START PROVIDED RECORDS

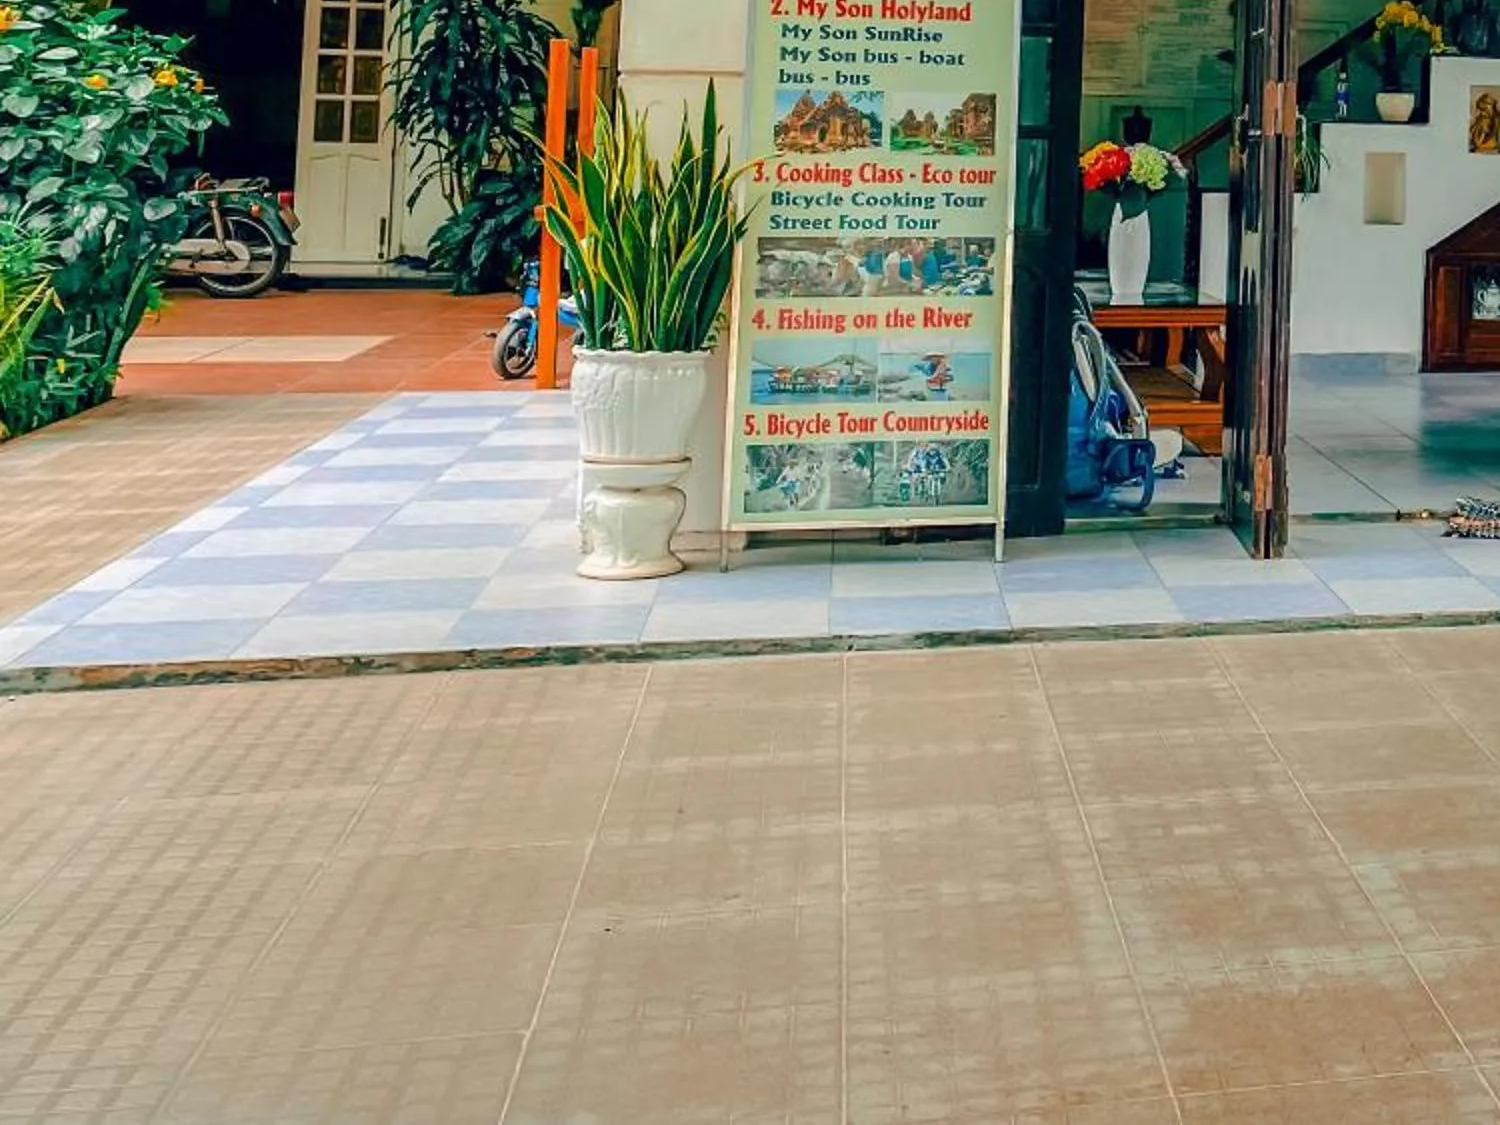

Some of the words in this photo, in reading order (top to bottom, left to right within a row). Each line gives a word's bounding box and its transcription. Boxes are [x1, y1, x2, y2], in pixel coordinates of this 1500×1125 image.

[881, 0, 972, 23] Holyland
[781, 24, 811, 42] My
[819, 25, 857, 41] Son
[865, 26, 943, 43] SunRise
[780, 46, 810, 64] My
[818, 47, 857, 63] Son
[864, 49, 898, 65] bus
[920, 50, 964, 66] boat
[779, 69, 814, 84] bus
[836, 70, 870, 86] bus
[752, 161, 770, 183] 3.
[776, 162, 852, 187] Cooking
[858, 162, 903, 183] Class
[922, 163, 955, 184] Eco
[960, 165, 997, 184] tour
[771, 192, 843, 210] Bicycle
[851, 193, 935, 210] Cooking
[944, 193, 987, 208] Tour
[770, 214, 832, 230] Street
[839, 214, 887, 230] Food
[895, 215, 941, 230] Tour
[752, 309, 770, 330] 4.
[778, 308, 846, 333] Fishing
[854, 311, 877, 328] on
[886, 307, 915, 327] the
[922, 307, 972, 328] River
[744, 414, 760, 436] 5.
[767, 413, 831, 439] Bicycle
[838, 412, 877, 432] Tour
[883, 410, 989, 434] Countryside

END PROVIDED RECORDS

§ REQUIRED WORK:
All of the entries above are to be duplicated exactly, with every image left out.

§ REPLY TO THE TASK:
Some of the words in this photo, in reading order (top to bottom, left to right within a row). Each line gives a word's bounding box and its transcription. Boxes are [x1, y1, x2, y2], in pixel coordinates of this 1500×1125 image.

[881, 0, 972, 23] Holyland
[781, 24, 811, 42] My
[819, 25, 857, 41] Son
[865, 26, 943, 43] SunRise
[780, 46, 810, 64] My
[818, 47, 857, 63] Son
[864, 49, 898, 65] bus
[920, 50, 964, 66] boat
[779, 69, 814, 84] bus
[836, 70, 870, 86] bus
[752, 161, 770, 183] 3.
[776, 162, 852, 187] Cooking
[858, 162, 903, 183] Class
[922, 163, 955, 184] Eco
[960, 165, 997, 184] tour
[771, 192, 843, 210] Bicycle
[851, 193, 935, 210] Cooking
[944, 193, 987, 208] Tour
[770, 214, 832, 230] Street
[839, 214, 887, 230] Food
[895, 215, 941, 230] Tour
[752, 309, 770, 330] 4.
[778, 308, 846, 333] Fishing
[854, 311, 877, 328] on
[886, 307, 915, 327] the
[922, 307, 972, 328] River
[744, 414, 760, 436] 5.
[767, 413, 831, 439] Bicycle
[838, 412, 877, 432] Tour
[883, 410, 989, 434] Countryside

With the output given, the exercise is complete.